─── INFORMATION SHOWN ───

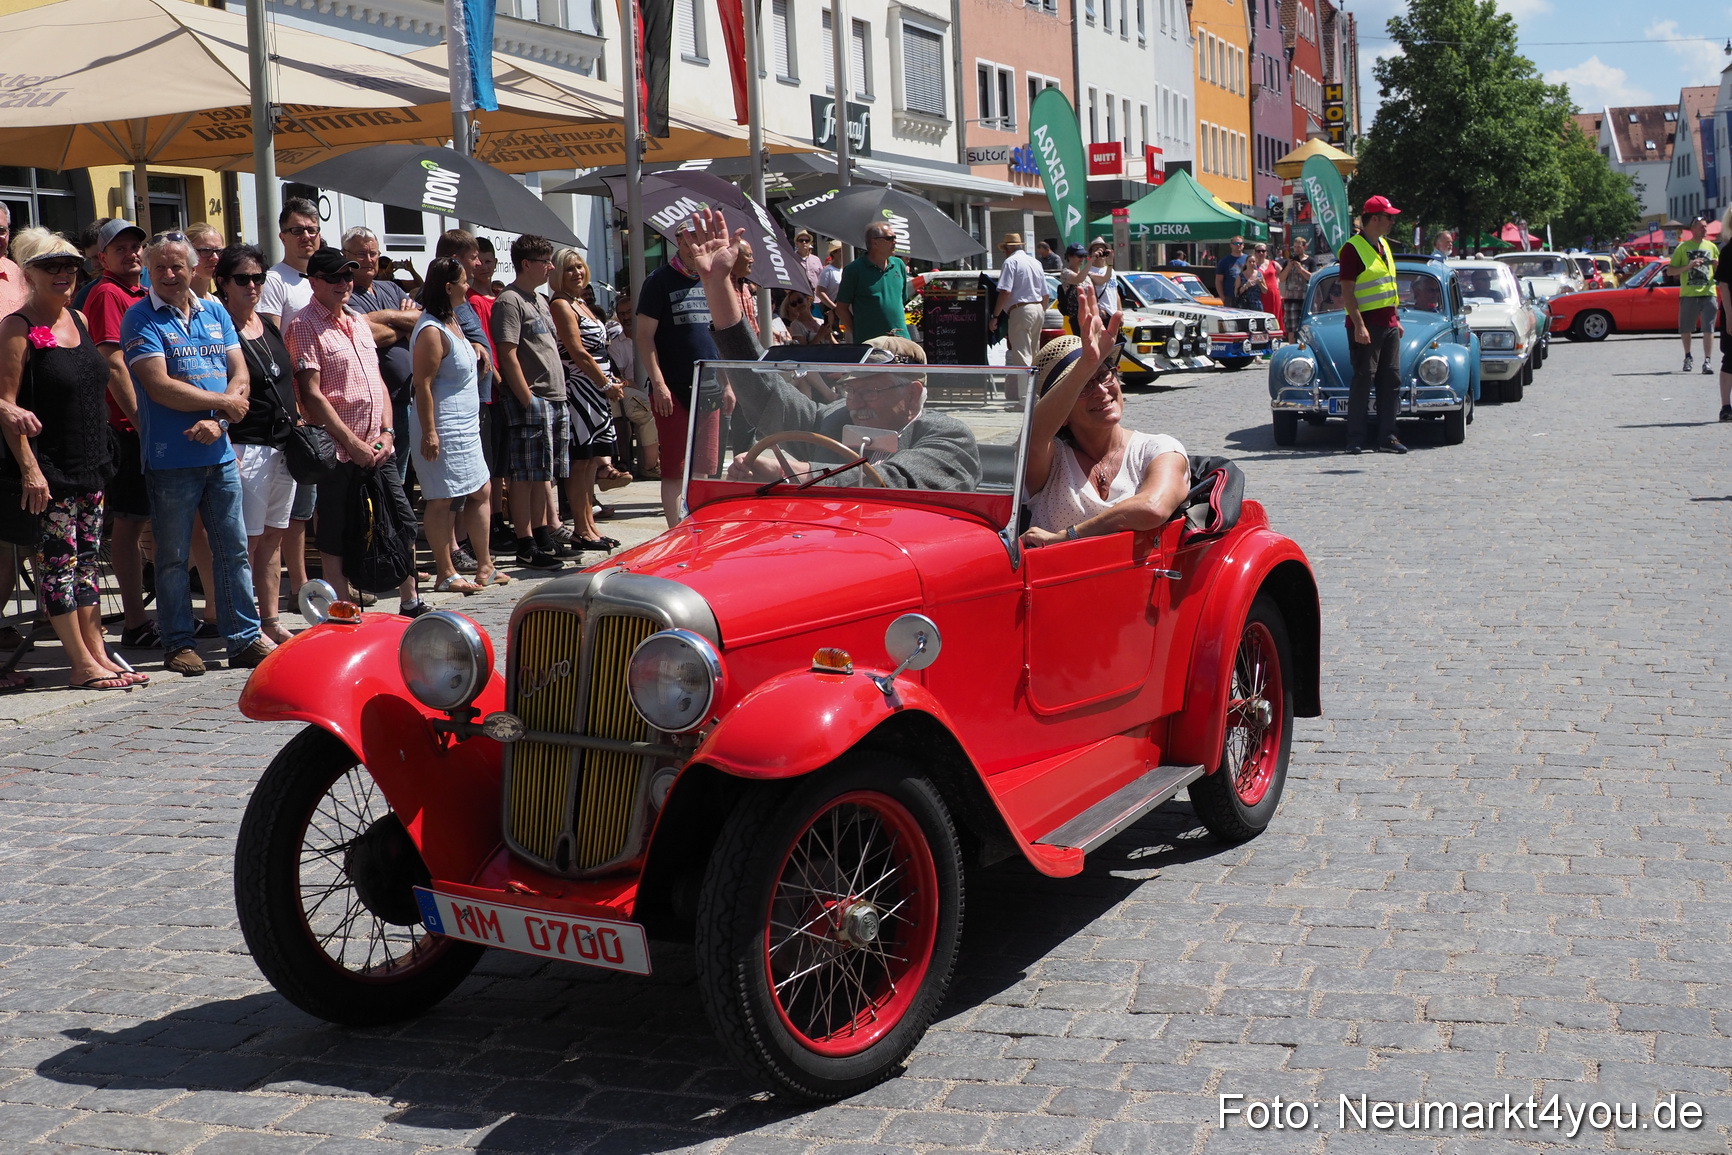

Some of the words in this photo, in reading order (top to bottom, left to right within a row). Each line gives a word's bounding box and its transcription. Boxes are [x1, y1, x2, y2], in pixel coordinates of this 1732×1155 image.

[1324, 86, 1344, 151] HOT
[1093, 153, 1116, 162] WITT
[421, 160, 461, 210] now
[208, 198, 222, 215] 24
[790, 190, 838, 214] now
[1153, 224, 1191, 235] DEKRA
[1157, 309, 1175, 317] JIM
[1179, 311, 1207, 321] BEAM
[450, 902, 505, 943] NM

───

Leaving out the pictures, return the records exactly as given.

Some of the words in this photo, in reading order (top to bottom, left to right within a row). Each line gives a word's bounding box and its transcription. Boxes are [x1, y1, x2, y2], in pixel coordinates of this 1732×1155 image.

[1324, 86, 1344, 151] HOT
[1093, 153, 1116, 162] WITT
[421, 160, 461, 210] now
[208, 198, 222, 215] 24
[790, 190, 838, 214] now
[1153, 224, 1191, 235] DEKRA
[1157, 309, 1175, 317] JIM
[1179, 311, 1207, 321] BEAM
[450, 902, 505, 943] NM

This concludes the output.